*Task requirements*
Write out the entries below once more, exactly, with the pictures left out.

[Collected data entries]
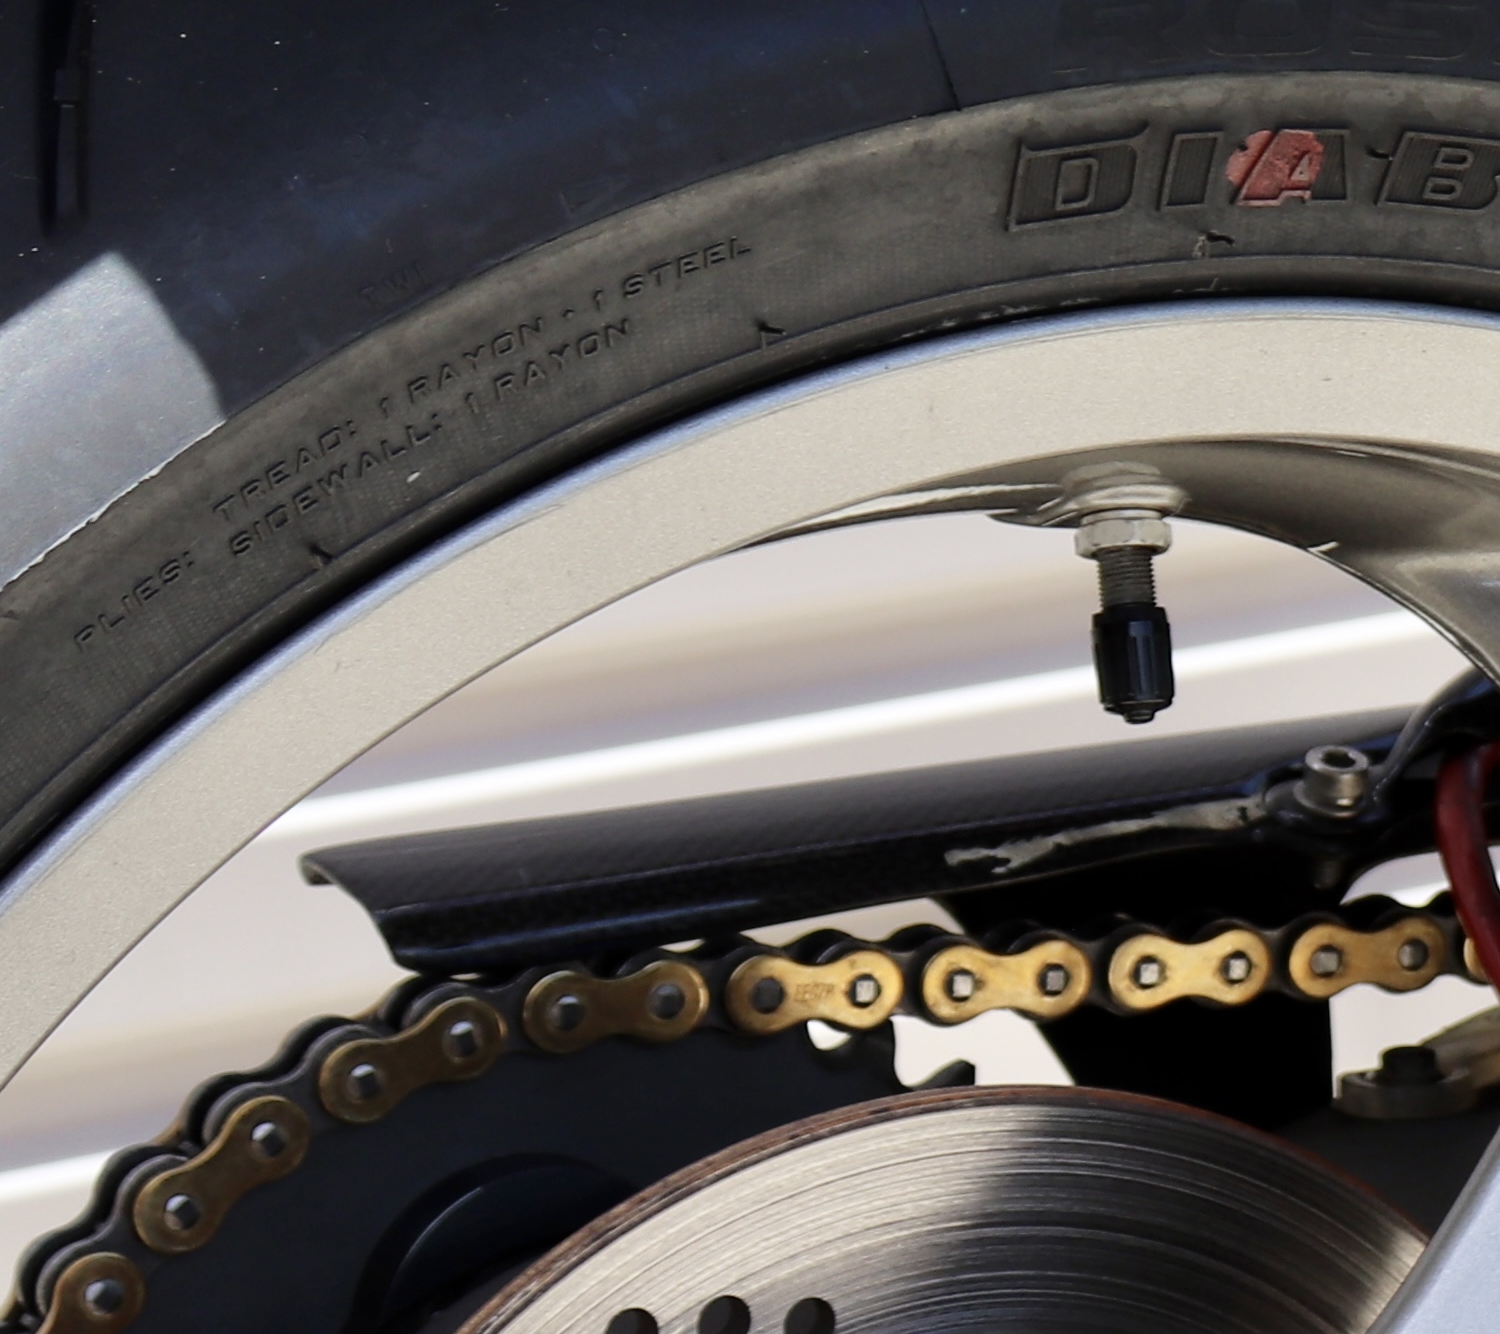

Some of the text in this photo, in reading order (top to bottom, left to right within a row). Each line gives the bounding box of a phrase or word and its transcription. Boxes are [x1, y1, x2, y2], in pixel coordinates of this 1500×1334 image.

[72, 317, 632, 655] PLIES: SIDEWALL: 1 RAYON
[212, 419, 357, 521] TREAD:
[379, 395, 391, 419] 1
[407, 315, 543, 404] RAYON
[591, 287, 605, 312] 1
[621, 235, 753, 300] STEEL
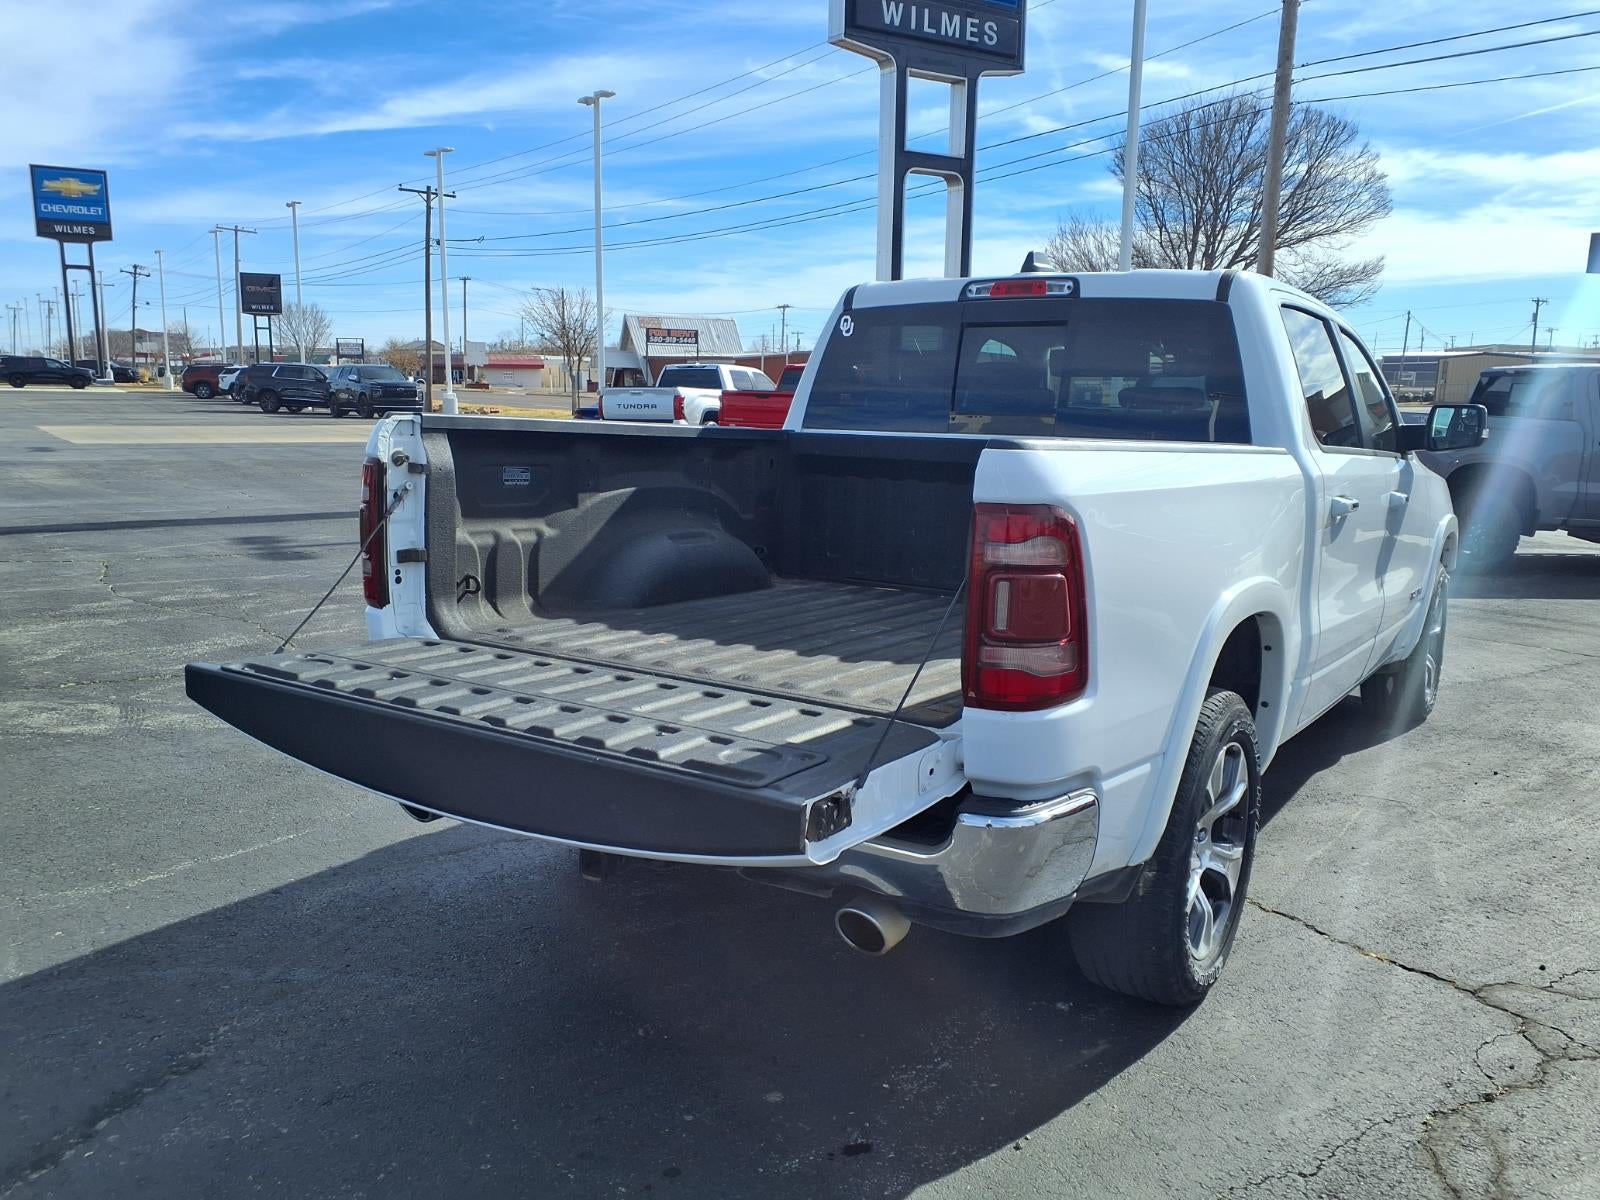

*Written solution*
Some of the text in this photo, in reading order (top to bottom, left to right within a row). Each line gives the bounding box of a phrase or word and its transcription. Boxes are [x1, y1, x2, y2], in pixel coordinates of this 1500×1334 image.

[72, 317, 632, 655] PLIES: SIDEWALL: 1 RAYON
[212, 419, 357, 521] TREAD:
[379, 395, 391, 419] 1
[407, 315, 543, 404] RAYON
[591, 287, 605, 312] 1
[621, 235, 753, 300] STEEL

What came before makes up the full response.